Compressions budgétaires

Les psychologues du public dénoncent l’« érosion » de leurs services

Les compressions budgétaires du gouvernement ont largement érodé les services psychologiques dans le réseau public, selon un sondage de l’Association des psychologues du Québec (APQ) obtenu par La Presse.

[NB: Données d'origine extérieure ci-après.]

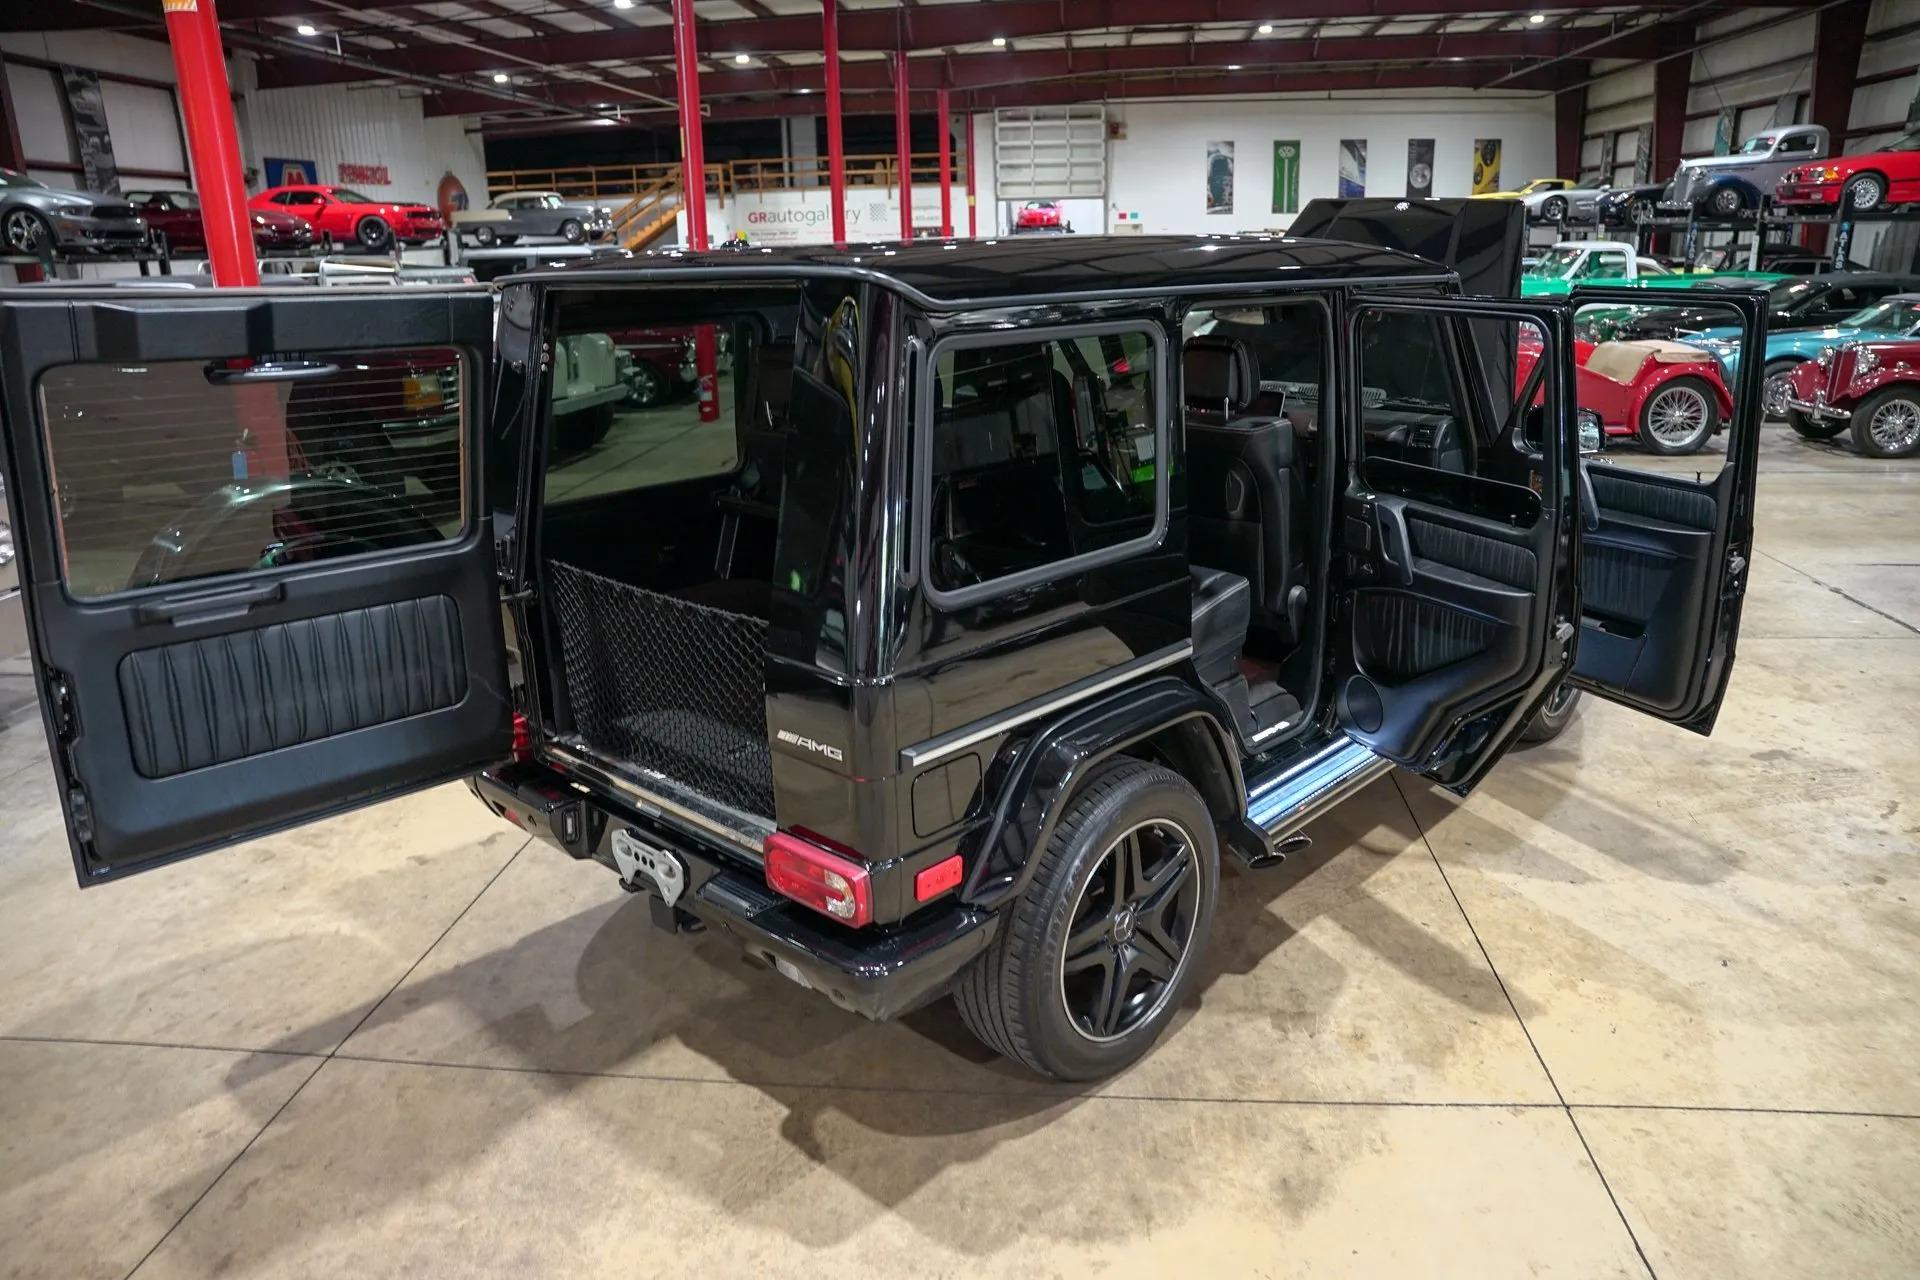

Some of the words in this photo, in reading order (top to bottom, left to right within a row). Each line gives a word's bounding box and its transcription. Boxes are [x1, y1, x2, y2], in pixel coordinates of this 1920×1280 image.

L’Association estime que les listes d’attente sont si longues que de nombreux patients préfèrent consulter un psychologue au privé. « On parle de 9 à 12 mois d’attente dans plusieurs établissements publics. On se questionne vraiment à savoir si le ministre Barrette ne procède pas de façon déguisée à une privatisation de nos services », dénonce le président de l’APQ, Charles Roy.

Suppression de postes

En mars, l’APQ a mené un sondage auprès de ses membres pour connaître les répercussions des récentes compressions budgétaires sur leur travail. « On a été surpris par l’ampleur de l’érosion des services qui est rapportée », affirme M. Roy. Par exemple, des postes de psychologues sont remplacés par des postes de travailleurs sociaux ou d’intervenants psychosociaux. « Les postes de psychologues sont ainsi abolis. Comme ça, on ne les comptabilise pas comme des postes vacants et on peut dire qu’il n’y a pas de pénurie », dénonce M. Roy. Selon lui, la pénurie de psychologues est ainsi apparemment en voie de se résorber, mais dans les faits, « c’est l’accès aux services psychologiques qui s’érode ».

Services diminués

Selon le sondage de l’APQ, dans différents établissements, les psychologues qui partent en congé de maladie ou de maternité ne sont pas remplacés « sous prétexte qu’il n’est pas possible de trouver des remplaçants ». Les psychologues restants voient leur tâche s’alourdir. Beaucoup disent subir des pressions pour voir rapidement les clients sur les listes d’attente. « Pour y arriver, on compresse les services offerts à nos clients réguliers », dit M. Roy.

Longue attente

Même s’il estime que les patients en grande détresse reçoivent des services psychologiques rapidement dans le réseau public, M. Roy mentionne que plusieurs patients attendent trop longtemps avant de recevoir de l’aide. Certains psychologues rapportent par exemple un an d’attente dans des services en santé mentale jeunesse, voire trois ans pour l’évaluation de troubles de déficit de l’attention et de troubles d’apprentissage. Dans l’intervalle, bien des patients souffrent dans leur vie personnelle, sont moins productifs et voient leur état se dégrader, énumère M. Roy.

Favoriser le privé

Selon M. Roy, le recrutement de psychologues au public est difficile, car la rémunération n’est pas encore concurrentielle par rapport à celle du secteur privé. À preuve, seulement 25 % des nouveaux diplômés en psychologie se tournent vers le réseau public. Découragés par les longues listes d’attente au public, de nombreux médecins dirigent également leurs patients ayant besoin de services psychologiques vers le privé, selon l’APQ. M. Roy déplore que la clientèle la plus démunie en pâtisse et que la baisse du nombre de patients orientés par les médecins soit perçue par certains gestionnaires comme une baisse des besoins. « En fragilisant les services publics de psychologie, on encourage le privé. Est-ce la volonté du ministre ? Si oui, il devrait le dire. Car c’est ce qui se passe », dit-il.